Bell, who studied the U-20s at the recent Asian Cup, was blunter still: "I watched every player run. They all run with the same style. Honestly. It's drill, drill, drill from a very early age, and you just cannot compete with them at youth level."

Can it translate to the senior Women's World Cup?

That's the question that actually matters now. North Korea's senior women's team returns to the global stage at next year's Women's World Cup in Brazil — their first appearance since withdrawing from the 2023 edition, citing Covid-19. Their record at this year's Women's Asian Cup was strong enough that Australia's coach Joe Montemurro called them "the best team in the tournament" after edging them out in the quarter-finals.
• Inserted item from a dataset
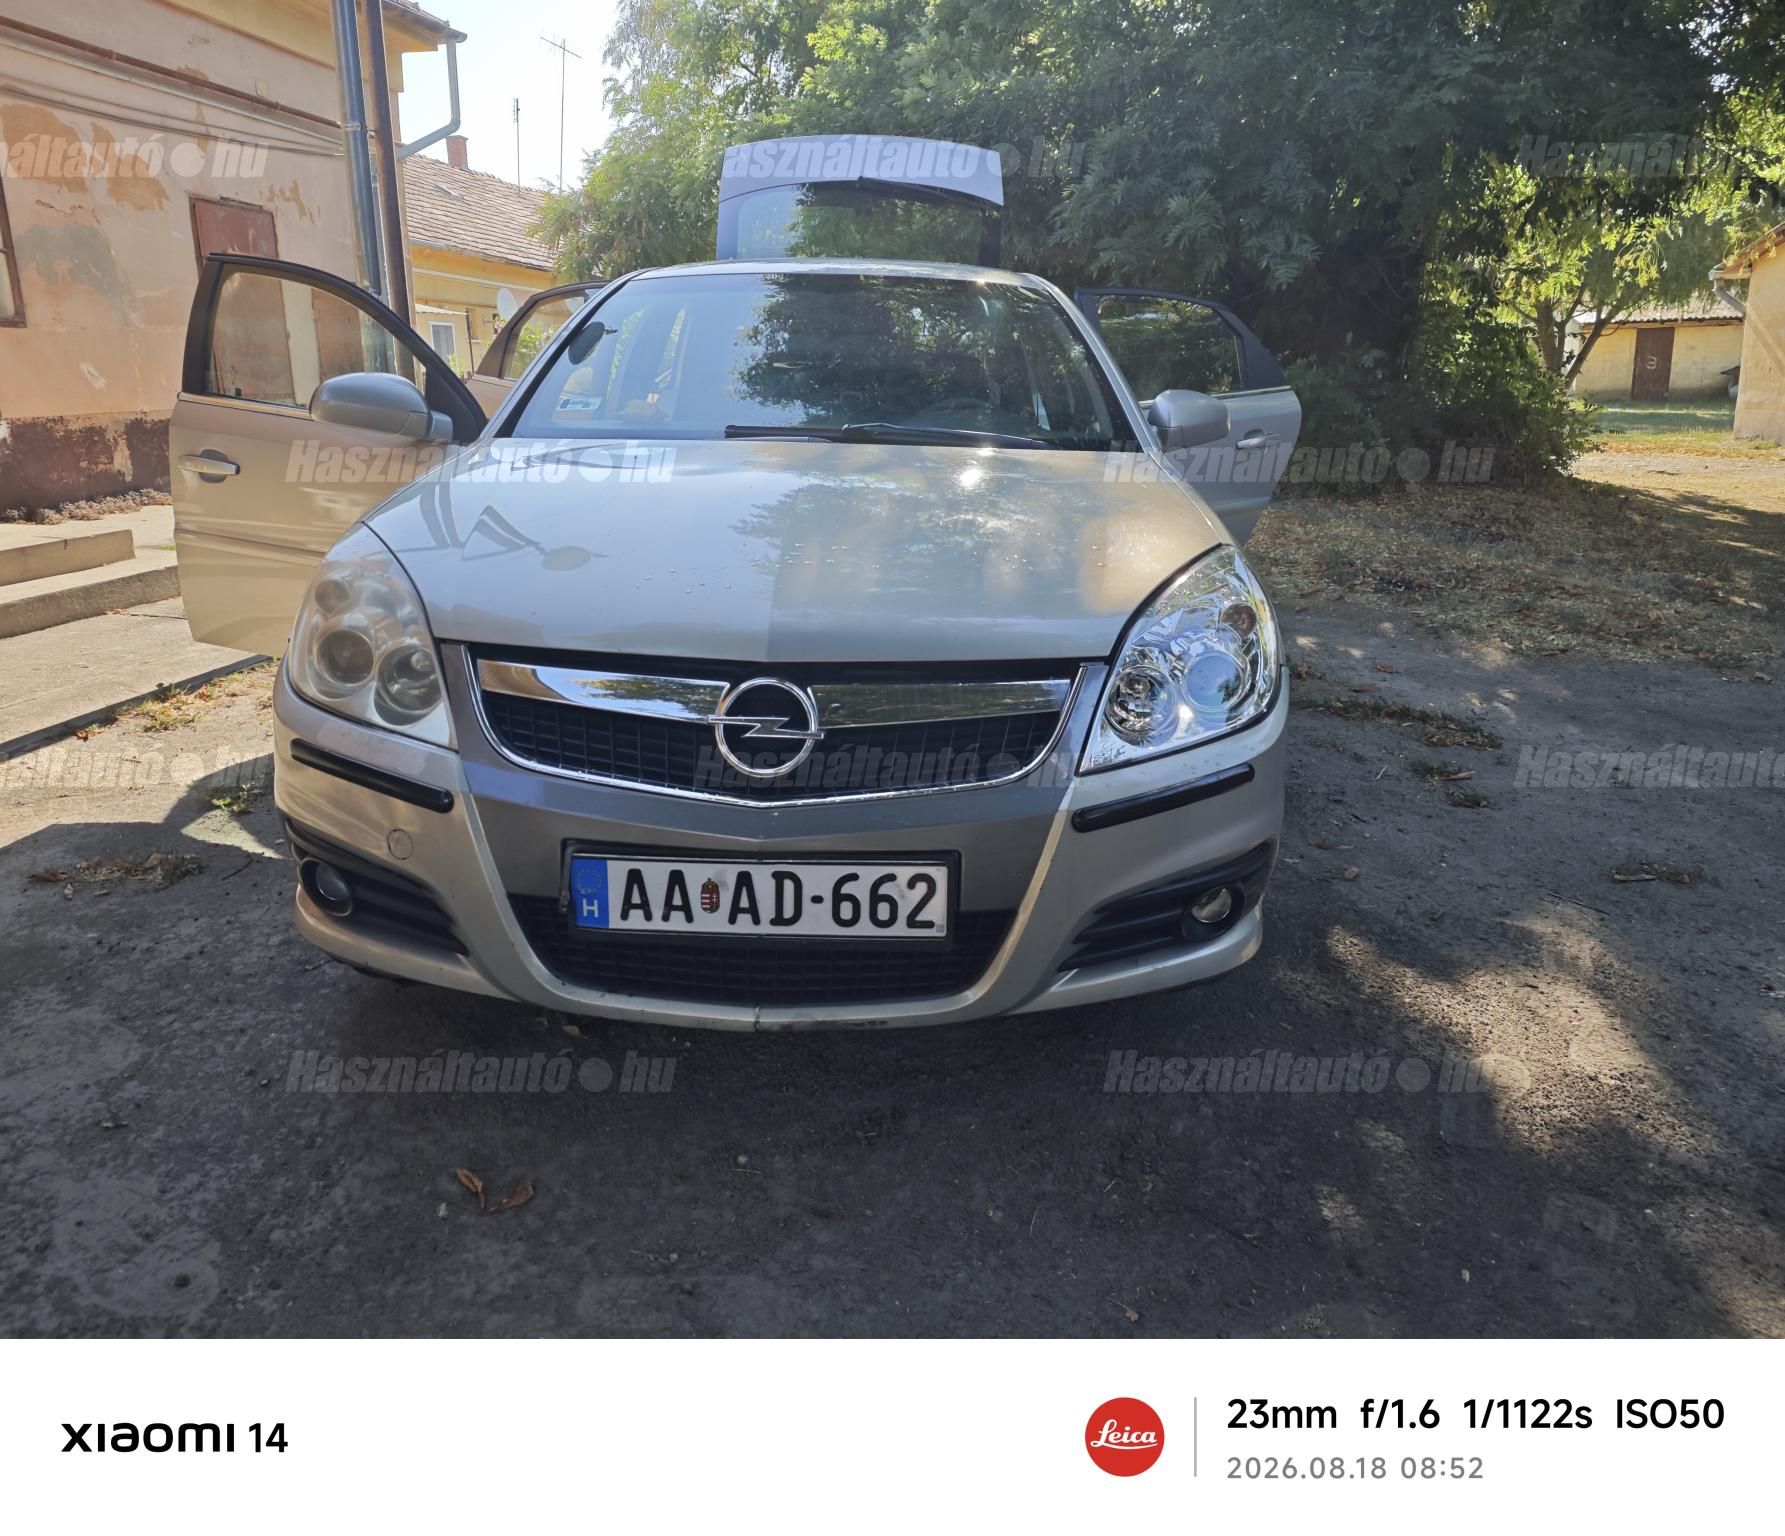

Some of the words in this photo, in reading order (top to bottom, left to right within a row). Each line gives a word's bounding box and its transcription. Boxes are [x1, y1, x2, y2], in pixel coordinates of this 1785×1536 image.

There's a complicated history here. Five players failed doping tests at the 2011 World Cup — blamed on traditional Chinese medicine involving deer musk glands and lightning strikes, in what remains one of the stranger episodes in tournament history. They were banned from the following World Cup cycle. Then came years of self-imposed isolation.

Now they're back, with a new head coach and nearly half the squad refreshed with youth graduates. The bookmakers haven't fully priced in what this team might do, which is worth watching. A side that conceded a tight quarter-final loss to Australia — who are, by any measure, a top-10 women's team — isn't arriving in Brazil to make up the numbers.

Freelance Asian football journalist Gina Bagnulo thinks they'll win matches. Bell is more cautious: "Youth football has been a big advantage so it will be very interesting to see how they fare. Are they able at some stage to dominate senior national football? I'm not sure if they can."

The gap between youth dominance and senior success is real. But a squad built on a decade of the same drills, the same coaching philosophy, and — if Bell is right — the same existential drive to perform? That's not nothing.

"If you're a champion, Kim Jong Un will meet you at the airport," said FIFA educator Kwok Ka-ming, who trained coaches in North Korea four times between 2013 and 2019. "This is critical."

In women's football, most nations are still figuring out how to invest. North Korea built a machine. Brazil will show us what it's actually worth.